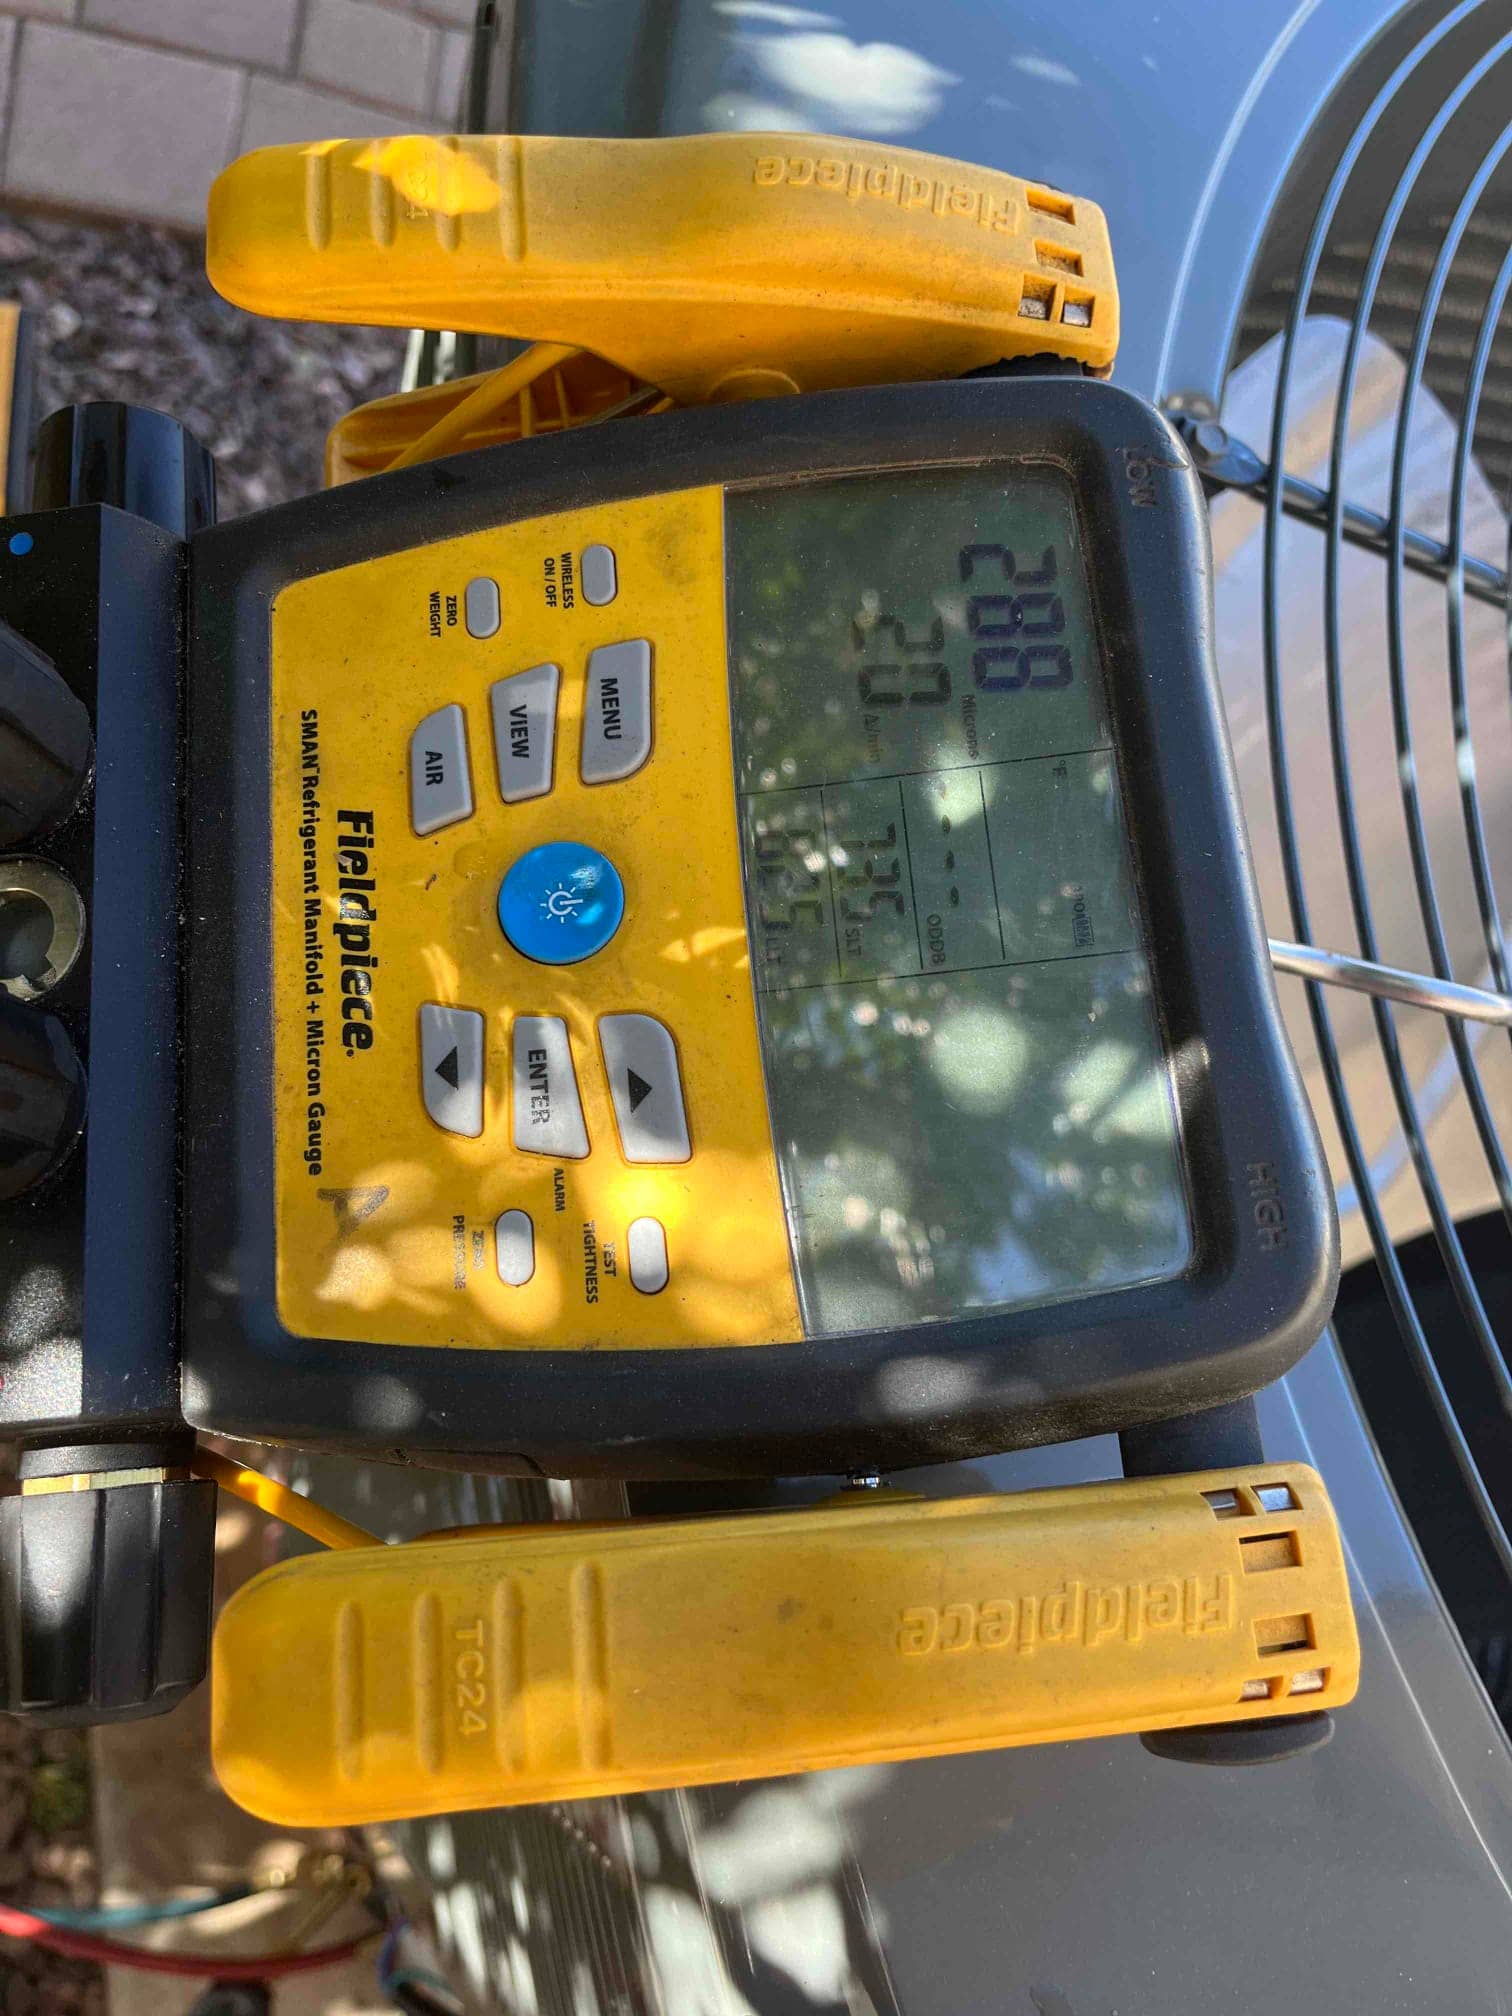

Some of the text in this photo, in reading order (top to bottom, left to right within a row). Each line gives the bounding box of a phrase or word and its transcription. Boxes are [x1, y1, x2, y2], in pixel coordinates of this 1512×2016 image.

[753, 155, 1022, 235] Fieldpiece
[544, 557, 555, 576] ON
[545, 584, 557, 607] OFF
[561, 552, 574, 609] WIRELESS
[430, 591, 441, 637] WEIGHT
[446, 595, 458, 626] ZERO
[960, 544, 1074, 694] 288
[850, 614, 953, 708] 20
[509, 705, 529, 759] VIEW
[600, 678, 621, 740] MENU
[960, 695, 979, 759] Microns
[424, 750, 445, 786] AIR
[298, 774, 320, 894] Refrigerant
[303, 898, 324, 995] Manifold
[332, 809, 379, 1050] Fieldpiece
[844, 927, 861, 956] SLT
[306, 1020, 325, 1096] Micron
[527, 1049, 551, 1124] ENTER
[303, 1102, 326, 1177] Gauge
[553, 1167, 565, 1212] ALARM
[1246, 1162, 1288, 1254] HIGH
[583, 1220, 598, 1304] TIGHTNESS
[603, 1242, 616, 1277] TEST
[898, 1574, 1236, 1657] Fieldpiece
[455, 1618, 488, 1737] TC24
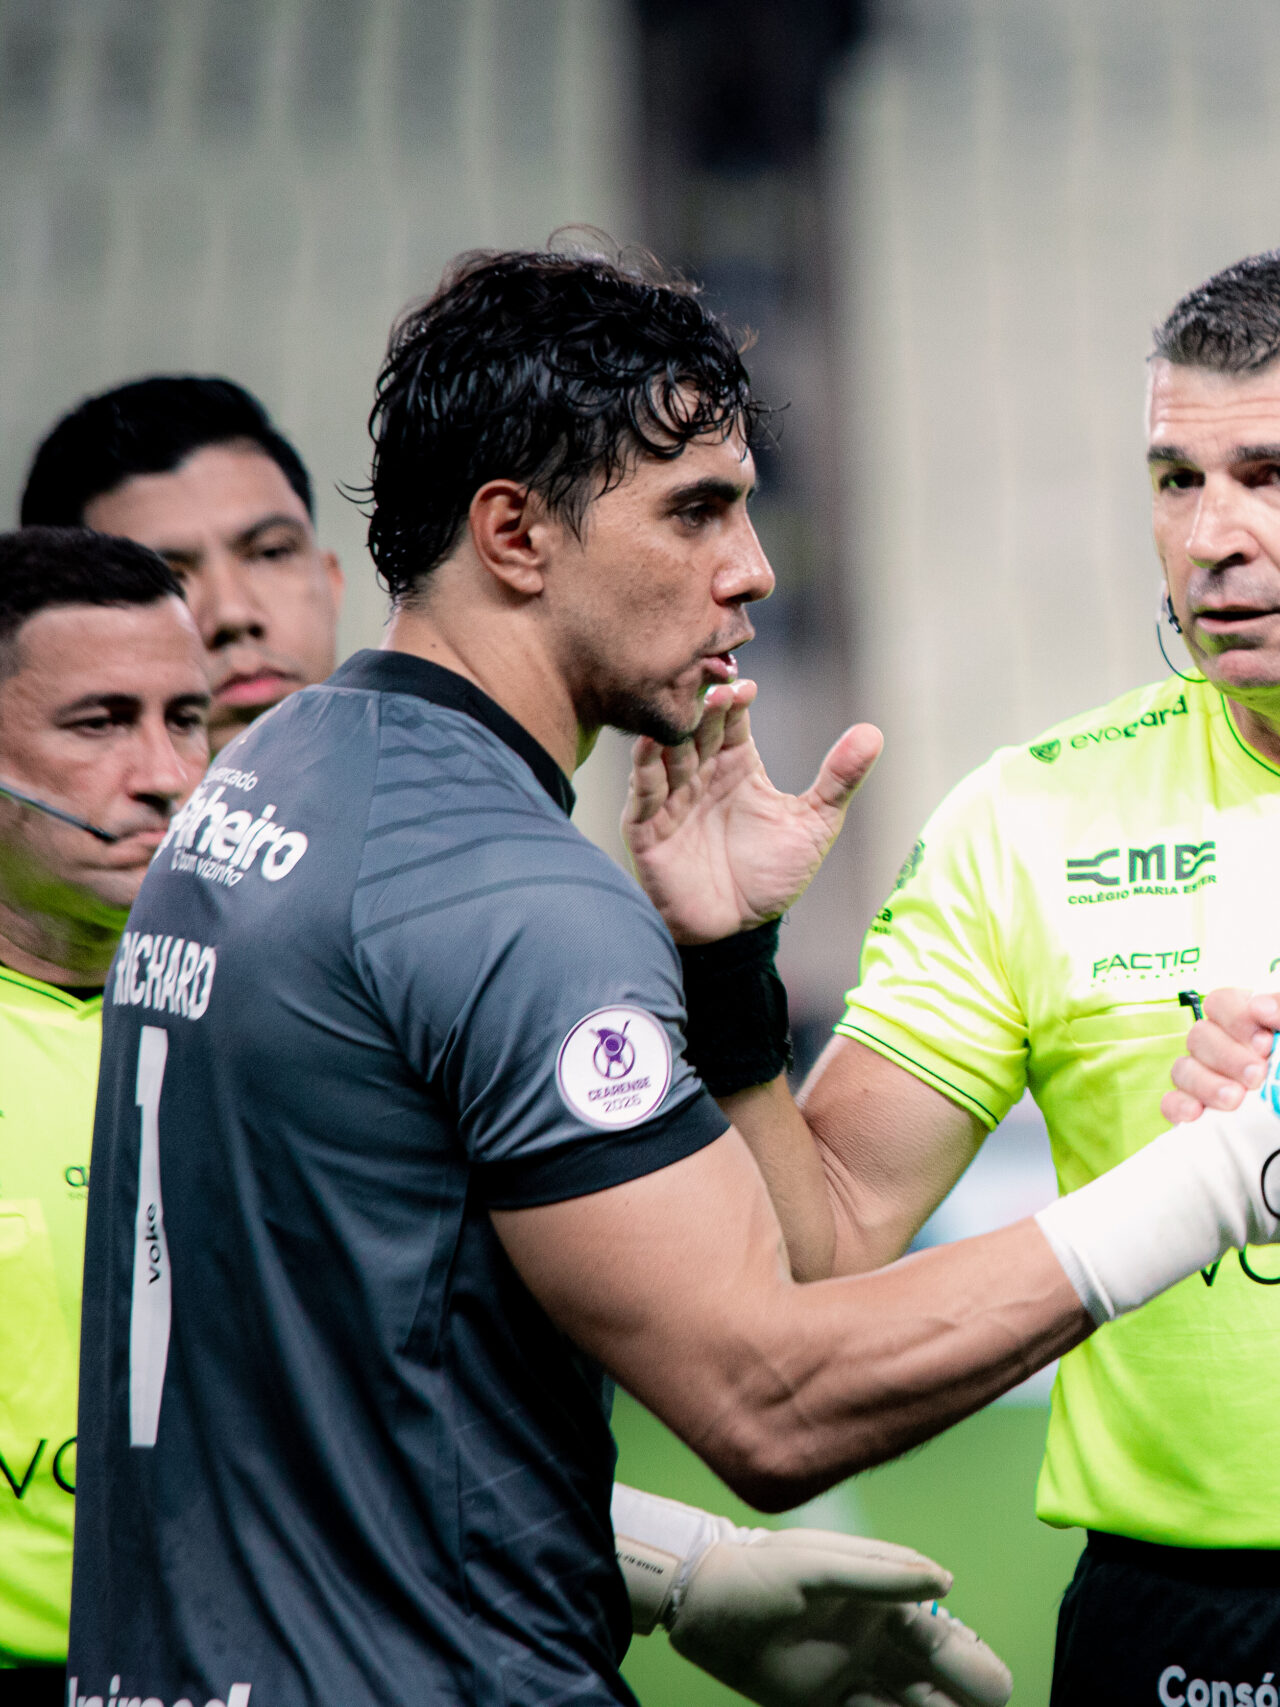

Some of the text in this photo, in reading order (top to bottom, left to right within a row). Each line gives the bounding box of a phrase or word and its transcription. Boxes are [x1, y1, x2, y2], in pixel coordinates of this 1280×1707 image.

[1133, 885, 1178, 896] MARIA
[113, 931, 217, 1021] RICHARD
[587, 1076, 651, 1102] CEARENSE
--- --- ---
What the task requires:
Write out the entries word for word. Skip the pictures.

Solution for this task:
Some of the text in this photo, in reading order (top to bottom, left to right within a row). Each line gives the bounding box of a phrase or word and its transcription. Boxes are [x1, y1, x2, y2], in pixel coordinates of this 1512×2016 image.

[753, 155, 1022, 235] Fieldpiece
[544, 557, 555, 576] ON
[545, 584, 557, 607] OFF
[561, 552, 574, 609] WIRELESS
[430, 591, 441, 637] WEIGHT
[446, 595, 458, 626] ZERO
[960, 544, 1074, 694] 288
[850, 614, 953, 708] 20
[509, 705, 529, 759] VIEW
[600, 678, 621, 740] MENU
[960, 695, 979, 759] Microns
[424, 750, 445, 786] AIR
[298, 774, 320, 894] Refrigerant
[303, 898, 324, 995] Manifold
[332, 809, 379, 1050] Fieldpiece
[844, 927, 861, 956] SLT
[306, 1020, 325, 1096] Micron
[527, 1049, 551, 1124] ENTER
[303, 1102, 326, 1177] Gauge
[553, 1167, 565, 1212] ALARM
[1246, 1162, 1288, 1254] HIGH
[583, 1220, 598, 1304] TIGHTNESS
[603, 1242, 616, 1277] TEST
[898, 1574, 1236, 1657] Fieldpiece
[455, 1618, 488, 1737] TC24

Some of the text in this photo, in reading order (top to bottom, left to right within a row). Each line gives the bounding box of a phrase or word and its transcription. Boxes are [x1, y1, x2, y2], in pixel coordinates of this 1280×1707 image.

[1133, 885, 1178, 896] MARIA
[113, 931, 217, 1021] RICHARD
[587, 1076, 651, 1102] CEARENSE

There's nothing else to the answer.